Today, when I look around, I see a lot of bitterness in the world. I see anger at injustice and at poverty. I see resentment at promises unfulfilled. I see blame being directed at people belonging to different generations, the “wrong” political parties, and different ethnicities. Everyone seems so unhappy, convinced that the world is in decline, ruined by those who came before to cheat us out of our birthright through the malice of prejudice and greed. Of course, there is some legitimacy to all of these complaints, and indeed it can be hard not to buckle under the onslaught of bad news that seems forever to pour down on our heads from the doom-laden buckets of cable news and social media. But while there is good reason for pessimism, there is equally good reason for optimism and gratitude; yet those are two things that I don’t see very much of at all.
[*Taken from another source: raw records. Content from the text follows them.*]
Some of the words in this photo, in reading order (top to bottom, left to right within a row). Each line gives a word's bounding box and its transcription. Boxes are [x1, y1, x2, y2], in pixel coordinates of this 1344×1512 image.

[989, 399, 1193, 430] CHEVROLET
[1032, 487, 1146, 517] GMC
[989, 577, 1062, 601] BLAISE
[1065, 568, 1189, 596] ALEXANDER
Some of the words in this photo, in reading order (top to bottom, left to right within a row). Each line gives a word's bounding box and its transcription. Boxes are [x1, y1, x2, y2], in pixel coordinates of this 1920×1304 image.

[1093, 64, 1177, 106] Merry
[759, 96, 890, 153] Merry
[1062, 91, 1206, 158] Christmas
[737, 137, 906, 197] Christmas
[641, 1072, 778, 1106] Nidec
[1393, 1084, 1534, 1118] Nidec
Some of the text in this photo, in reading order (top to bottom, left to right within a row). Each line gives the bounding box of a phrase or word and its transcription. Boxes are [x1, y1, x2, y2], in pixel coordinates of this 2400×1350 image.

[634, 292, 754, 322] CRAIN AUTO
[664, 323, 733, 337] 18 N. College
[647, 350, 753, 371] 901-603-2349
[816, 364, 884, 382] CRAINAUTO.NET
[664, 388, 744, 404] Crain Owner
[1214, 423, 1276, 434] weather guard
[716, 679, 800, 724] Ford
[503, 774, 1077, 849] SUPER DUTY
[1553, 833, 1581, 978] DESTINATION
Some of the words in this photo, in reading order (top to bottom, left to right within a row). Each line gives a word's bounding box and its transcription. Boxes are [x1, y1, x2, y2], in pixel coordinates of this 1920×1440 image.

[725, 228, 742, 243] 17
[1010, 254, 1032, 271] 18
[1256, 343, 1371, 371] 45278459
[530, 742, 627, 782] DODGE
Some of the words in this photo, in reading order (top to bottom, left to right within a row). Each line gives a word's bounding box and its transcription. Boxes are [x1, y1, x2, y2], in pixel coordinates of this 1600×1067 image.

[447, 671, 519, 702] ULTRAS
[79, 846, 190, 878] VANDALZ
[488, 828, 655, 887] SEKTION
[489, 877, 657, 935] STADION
I can already hear you scoffing. “Gratitude? I’m supposed to be grateful to the politicians that start wars abroad and oppress their citizens at home, to the corporations that scar the land and exploit workers, to the baby boomers who created many of the problems we face today?”

No, that’s not what I’m saying at all. Just hear me out.

Fifteen hundred years ago, a Roman statesman named Boethius (480–524 A.D.) was imprisoned by his enemies, and while in confinement he wrote a little book called The Consolation of Philosophy. While this book is not so widely known today, for centuries it was one of the most popular books in the world, and for good reason. In it, Boethius recounts an imaginary conversation between himself and the personification of Philosophy. He begins by lamenting the injustice of his fate, only to be consoled by Philosophy pointing out that, despite appearances, he really has nothing to complain about after all. Good fortune, she observes, is fickle by nature. Anyone who chooses to enjoy the gifts of Fortune does so in the knowledge that sooner or later, they will be taken away.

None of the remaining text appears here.